The pharmaceutical composition of the present invention may include chemicals, nucleotides, antisense, siRNA oligonucleotides, and natural product extracts as active ingredients. The pharmaceutical composition or complex preparation of the present invention can be prepared using pharmaceutically suitable and physiologically acceptable auxiliaries in addition to the active ingredients, and the auxiliaries include excipients, disintegrants, sweeteners, binders, coating agents, swelling agents, and lubricants. , solubilizers such as lubricants or flavoring agents can be used.
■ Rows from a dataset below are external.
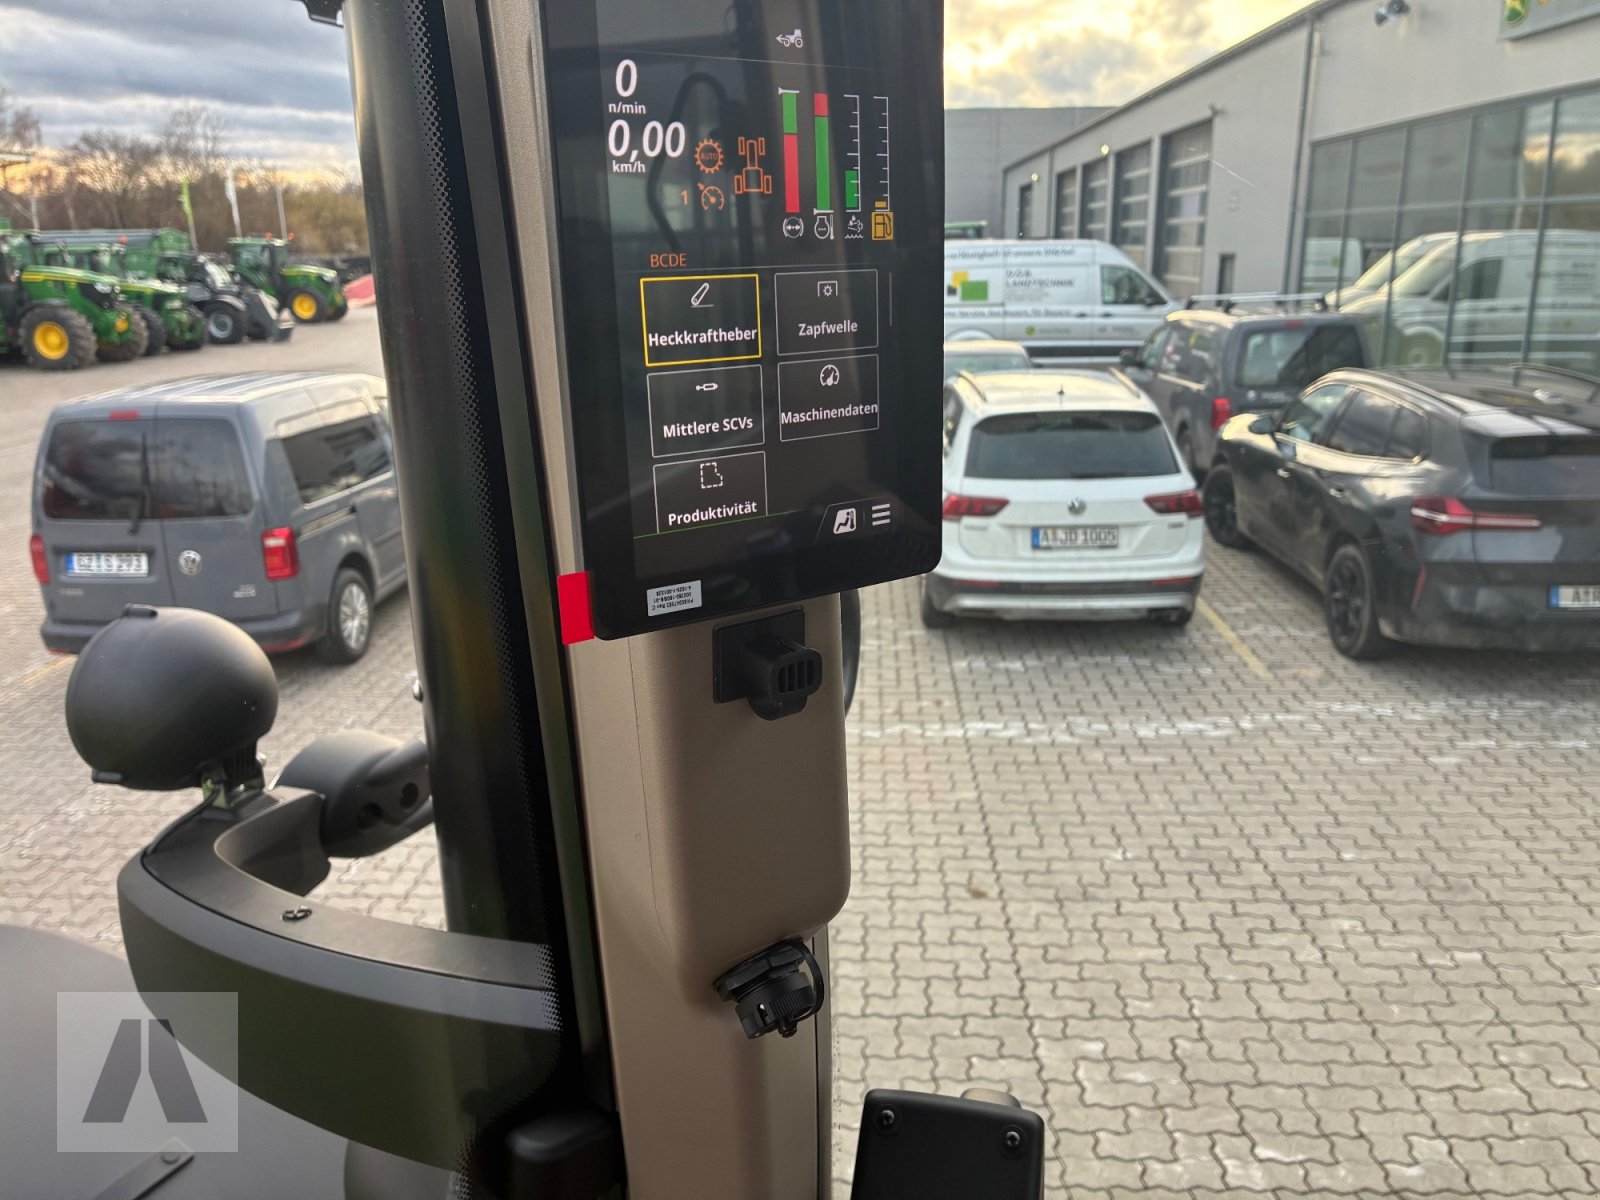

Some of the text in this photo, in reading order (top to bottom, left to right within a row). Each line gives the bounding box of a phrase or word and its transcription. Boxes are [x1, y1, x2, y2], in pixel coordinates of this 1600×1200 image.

[615, 59, 638, 97] 0
[608, 101, 647, 115] n/min
[608, 119, 686, 163] 0,00
[612, 160, 646, 174] km/h
[680, 190, 689, 205] 1
[650, 253, 687, 267] BCDE
[648, 328, 758, 347] Heckkraftheber
[798, 320, 858, 337] Zapfwelle
[781, 402, 878, 425] Maschinendaten
[663, 416, 754, 438] Mittlere SCVs
[668, 501, 758, 526] Produktivität
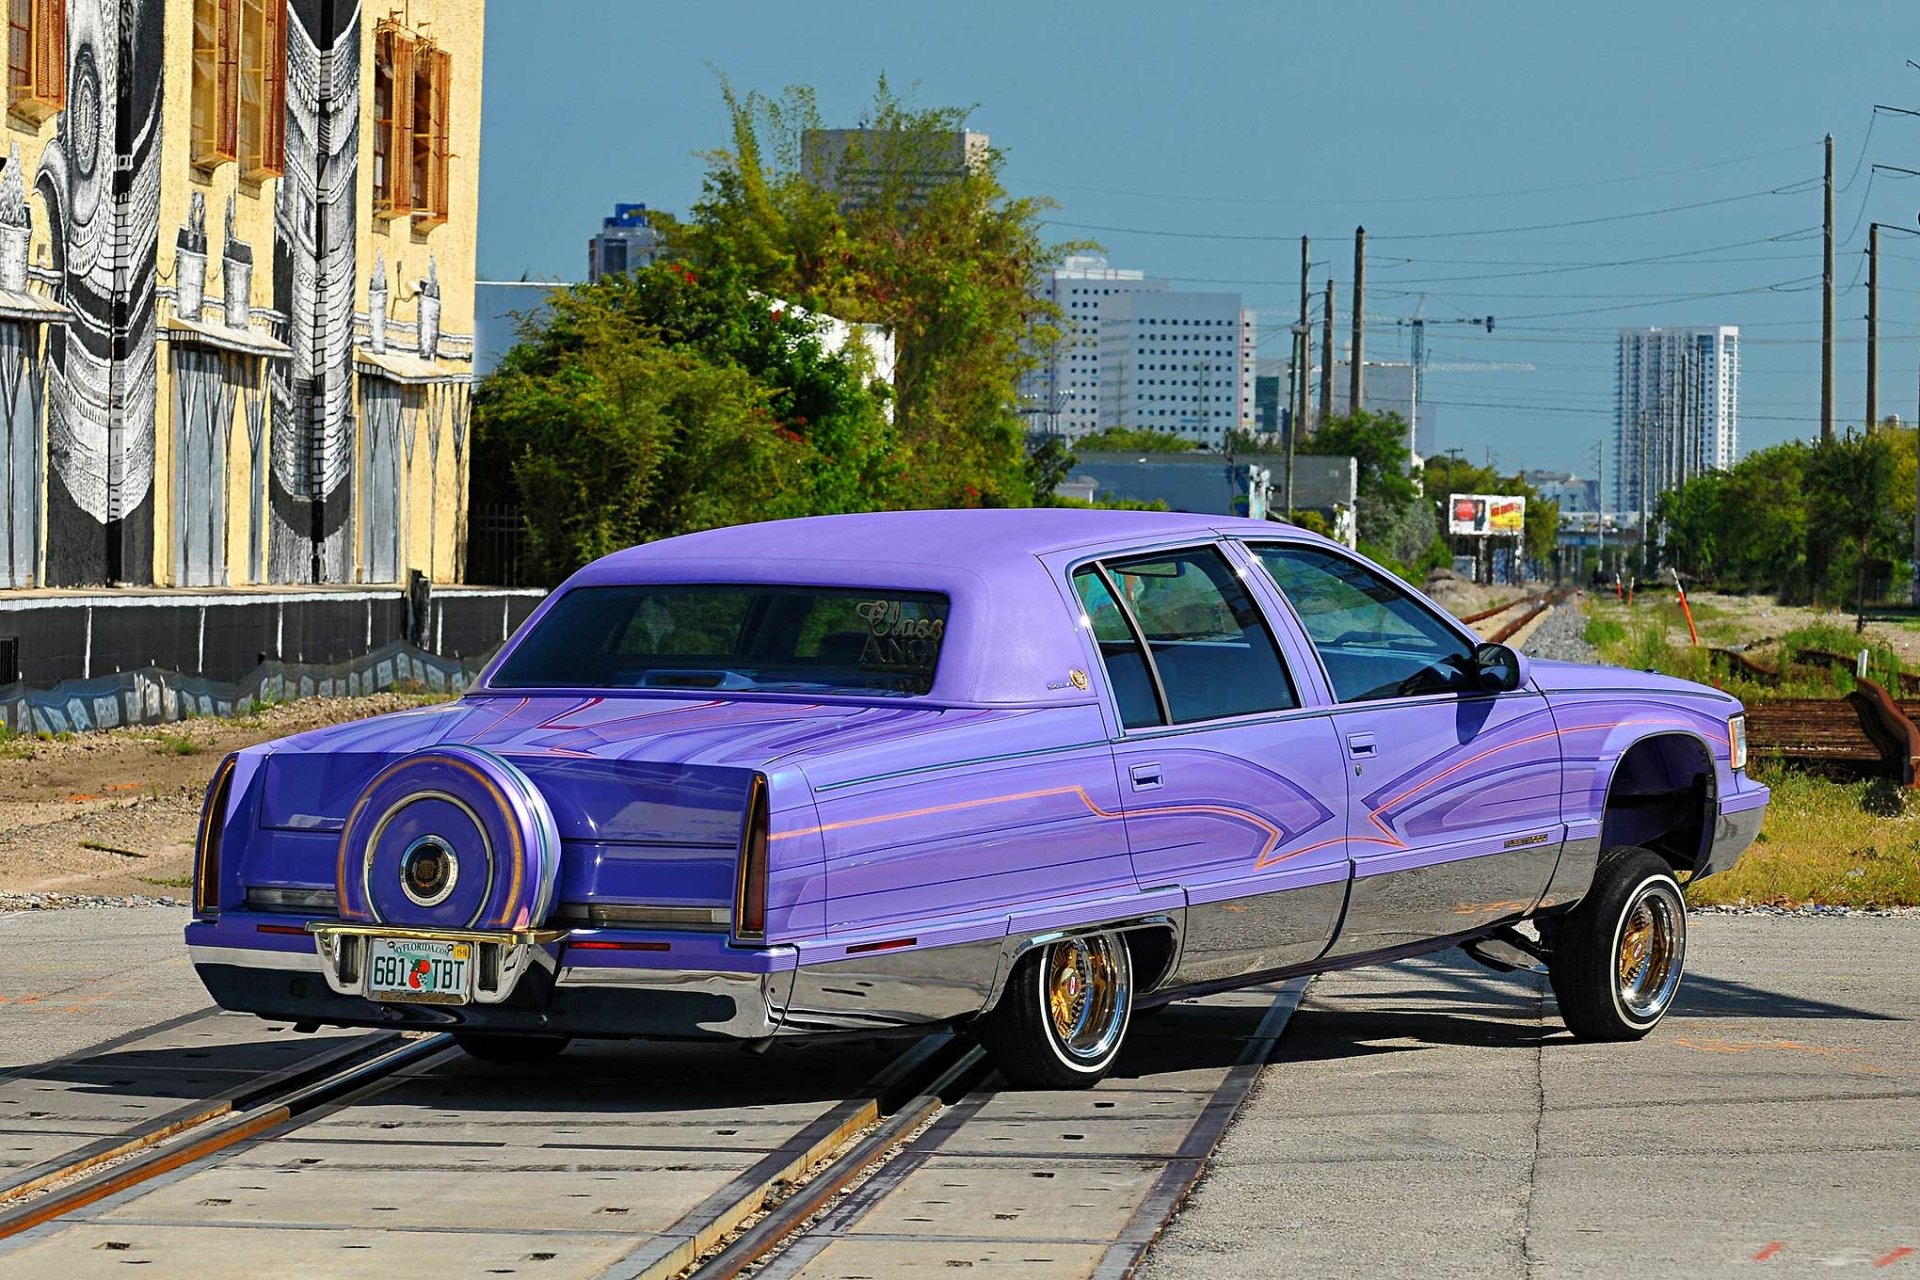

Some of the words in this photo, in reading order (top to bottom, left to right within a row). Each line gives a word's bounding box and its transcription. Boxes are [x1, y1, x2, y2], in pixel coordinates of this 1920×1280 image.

[856, 600, 944, 638] Class
[375, 957, 406, 986] 681
[432, 959, 464, 989] TBT
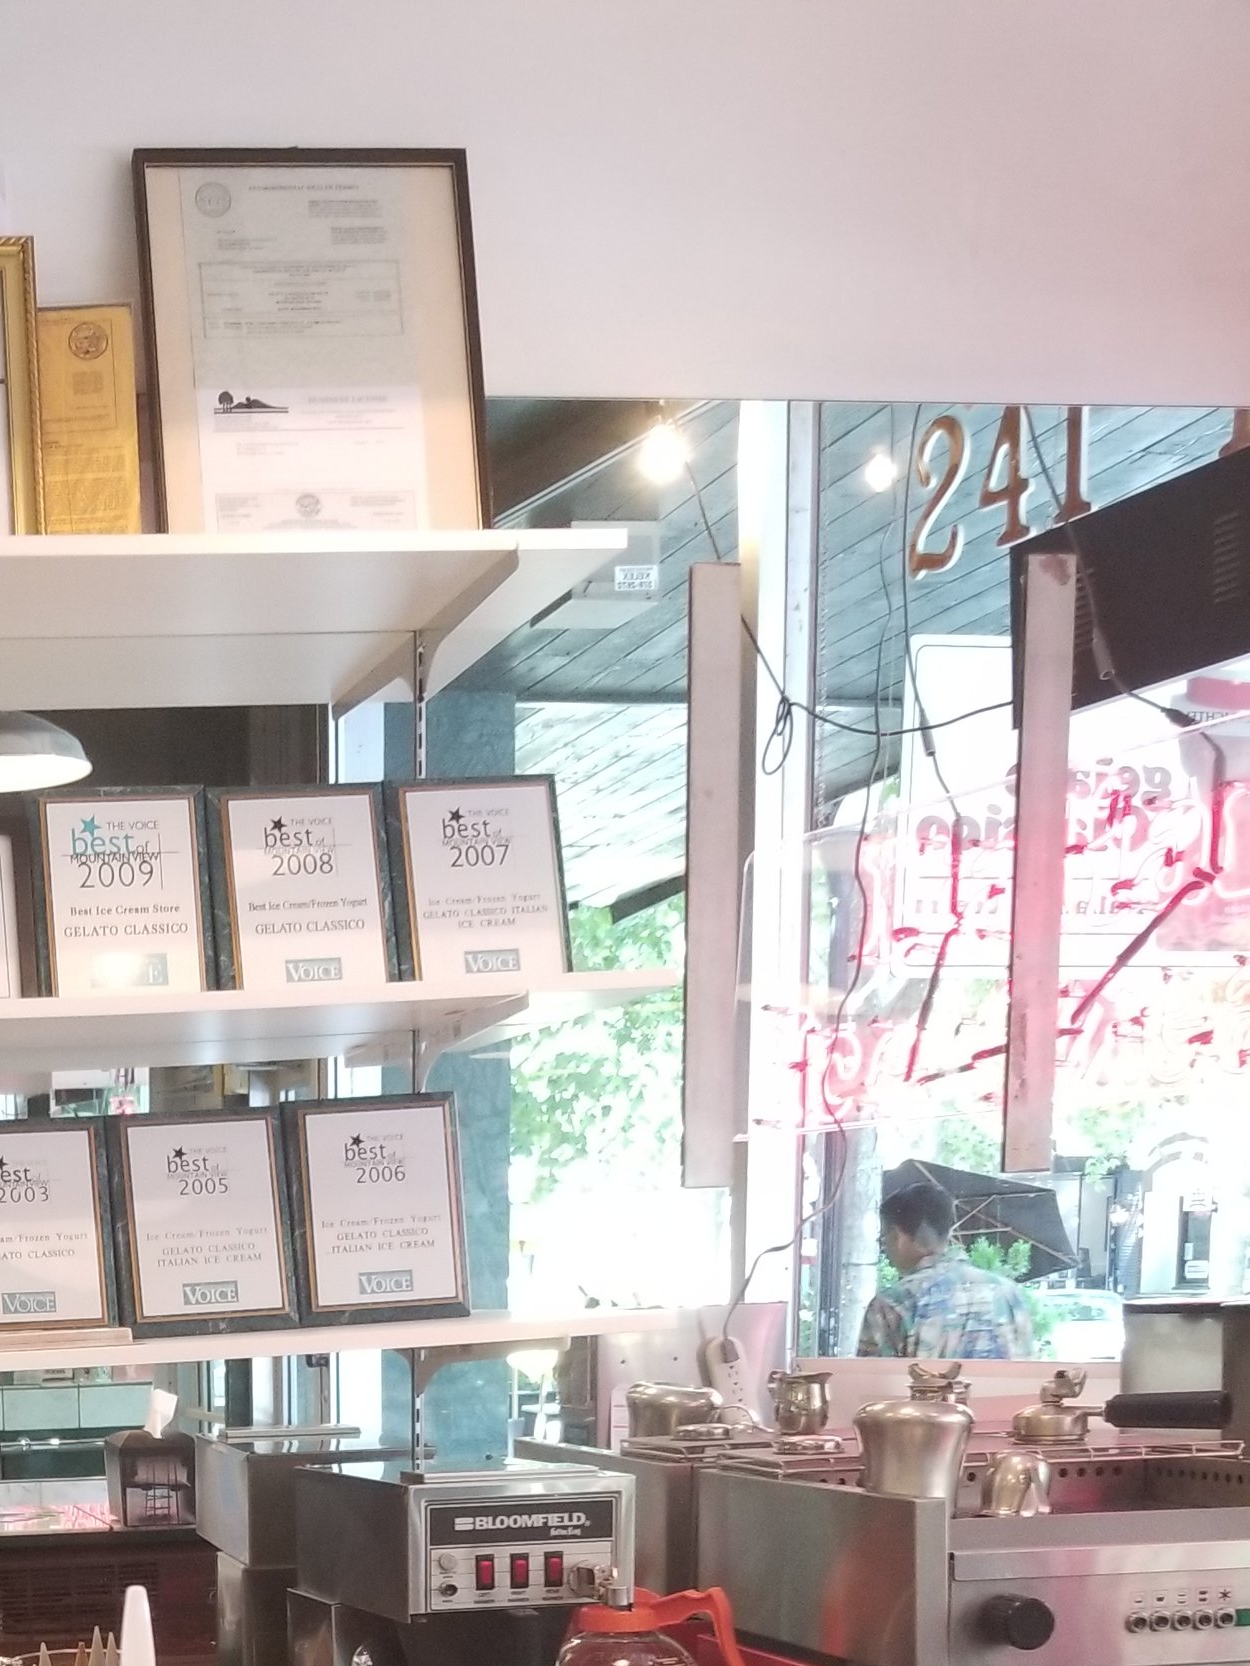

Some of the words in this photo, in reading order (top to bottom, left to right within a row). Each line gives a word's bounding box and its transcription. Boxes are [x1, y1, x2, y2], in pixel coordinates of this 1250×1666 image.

[106, 821, 125, 831] THE
[128, 820, 159, 830] VOICE
[442, 818, 491, 839] best
[71, 828, 134, 855] best
[135, 841, 150, 855] of
[264, 826, 313, 848] best
[70, 853, 131, 865] MOUNTAIN
[132, 852, 160, 863] VIEW
[271, 852, 334, 876] 2008
[450, 844, 509, 868] 2007
[78, 860, 154, 888] 2009
[70, 906, 92, 916] Best
[96, 906, 112, 915] Ice
[115, 905, 149, 915] Cream
[153, 904, 180, 913] Store
[248, 902, 266, 912] Best
[269, 902, 280, 911] Ice
[340, 898, 368, 909] Yogurt
[423, 910, 459, 919] GELATO
[464, 907, 507, 917] CLASSICO
[511, 905, 548, 914] ITALIAN
[64, 925, 119, 938] GELATO
[124, 923, 188, 936] CLASSICO
[255, 922, 303, 935] GELATO
[306, 919, 365, 932] CLASSICO
[458, 920, 474, 929] ICE
[480, 917, 516, 927] CREAM
[287, 961, 340, 981] VOICE
[466, 953, 518, 972] VOICE
[344, 1143, 386, 1161] best
[167, 1155, 209, 1174] best
[356, 1165, 406, 1184] 2006
[179, 1177, 228, 1196] 2005
[321, 1220, 334, 1229] Ice
[410, 1214, 442, 1224] Yogurt
[56, 1232, 88, 1241] Yogurt
[147, 1233, 159, 1241] Ice
[236, 1227, 268, 1237] Yogurt
[337, 1231, 377, 1242] GELATO
[382, 1228, 429, 1238] CLASSICO
[28, 1249, 75, 1259] CLASSICO
[163, 1246, 203, 1256] GELATO
[208, 1243, 255, 1253] CLASSICO
[331, 1244, 372, 1254] ITALIAN
[378, 1242, 394, 1251] ICE
[399, 1240, 435, 1249] CREAM
[158, 1257, 198, 1267] ITALIAN
[204, 1255, 220, 1265] ICE
[226, 1253, 261, 1263] CREAM
[360, 1276, 411, 1294] VOICE
[3, 1294, 56, 1313] VOICE
[183, 1286, 237, 1304] VOICE
[475, 1512, 587, 1530] BLOOMFIELD
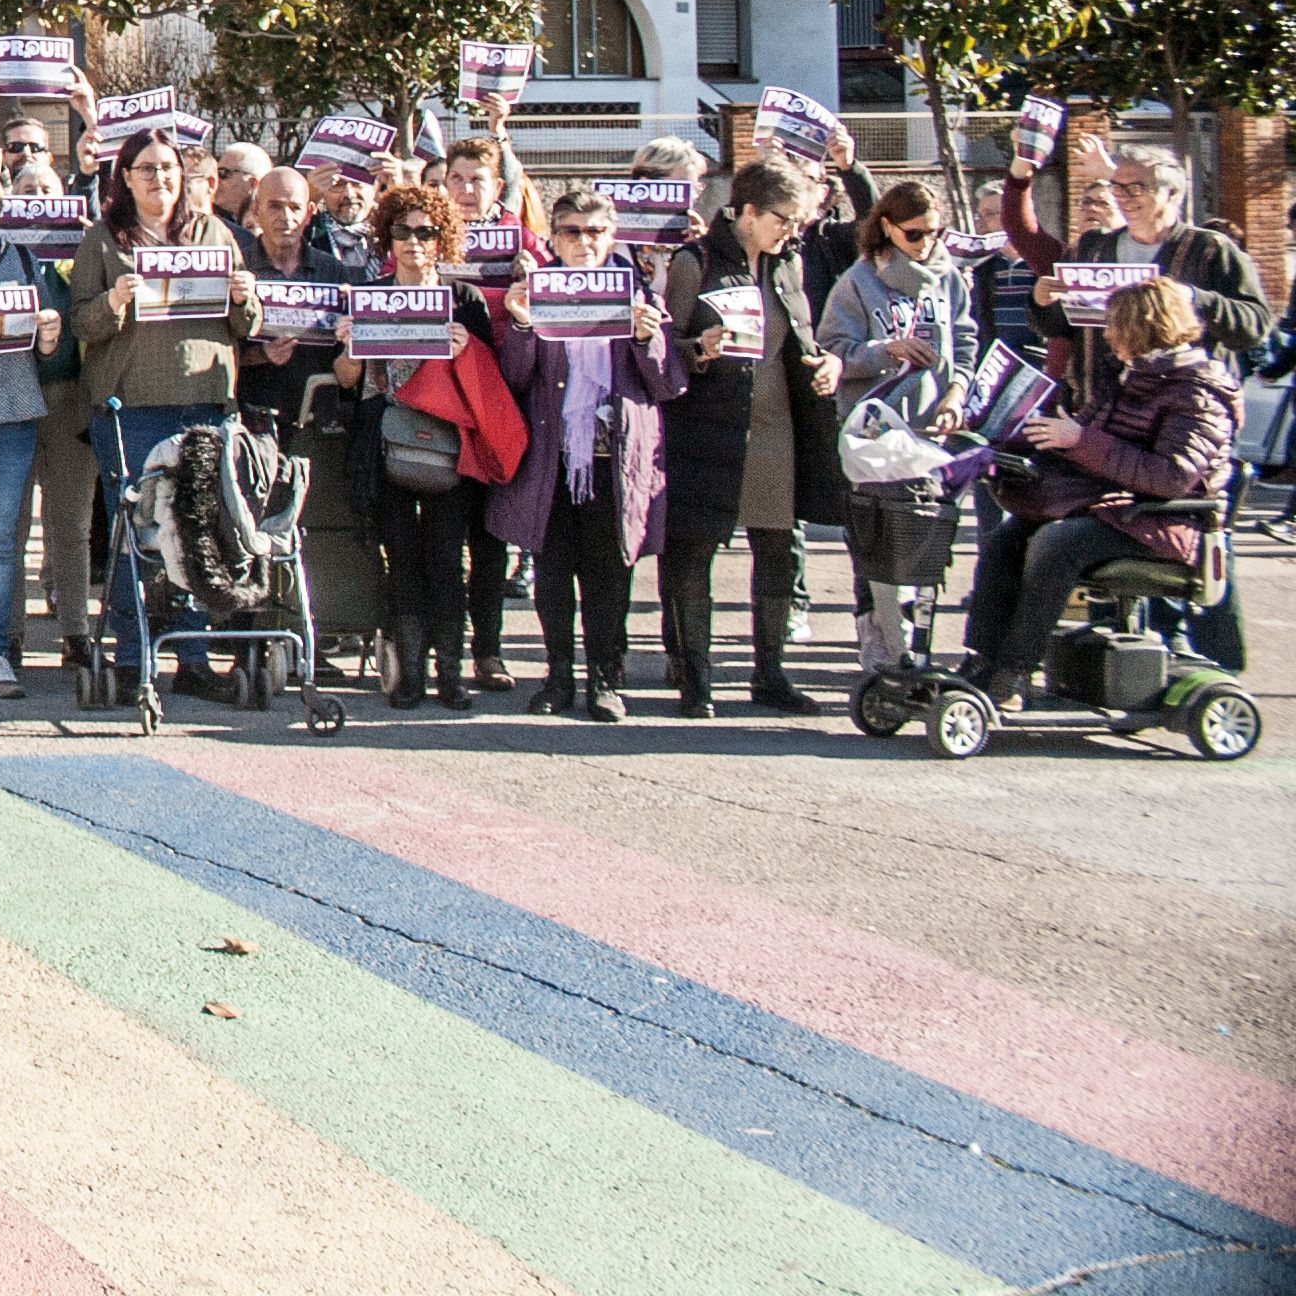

For administration, the pharmaceutical composition of the present invention can be preferably formulated as a pharmaceutical composition containing one or more pharmaceutically acceptable carriers in addition to the active ingredient. Acceptable pharmaceutical carriers for compositions formulated as liquid solutions include those that are sterile and biocompatible, such as saline solution, sterile water, Ringer's solution, buffered saline solution, albumin injection solution, dextrose solution, maltodextrin solution, glycerol, ethanol, and One or more of these ingredients can be mixed and used, and other common additives such as antioxidants, buffers, and bacteriostatic agents can be added as needed. In addition, diluents, dispersants, surfactants, binders, and lubricants can be additionally added to formulate injectable formulations such as aqueous solutions, suspensions, emulsions, etc., pills, capsules, granules, or tablets.

The pharmaceutical preparation form of the pharmaceutical composition of the present invention may be granules, powders, coated tablets, tablets, capsules, suppositories, syrups, juices, suspensions, emulsions, drops or injectable solutions, and sustained-release preparations of the active compound. You can. The pharmaceutical composition of the present invention can be administered in the conventional manner via intravenous, intraarterial, intraperitoneal, intramuscular, intraarterial, intraperitoneal, intrasternal, transdermal, intranasal, inhalation, topical, rectal, oral, intraocular or intradermal routes. It can be administered.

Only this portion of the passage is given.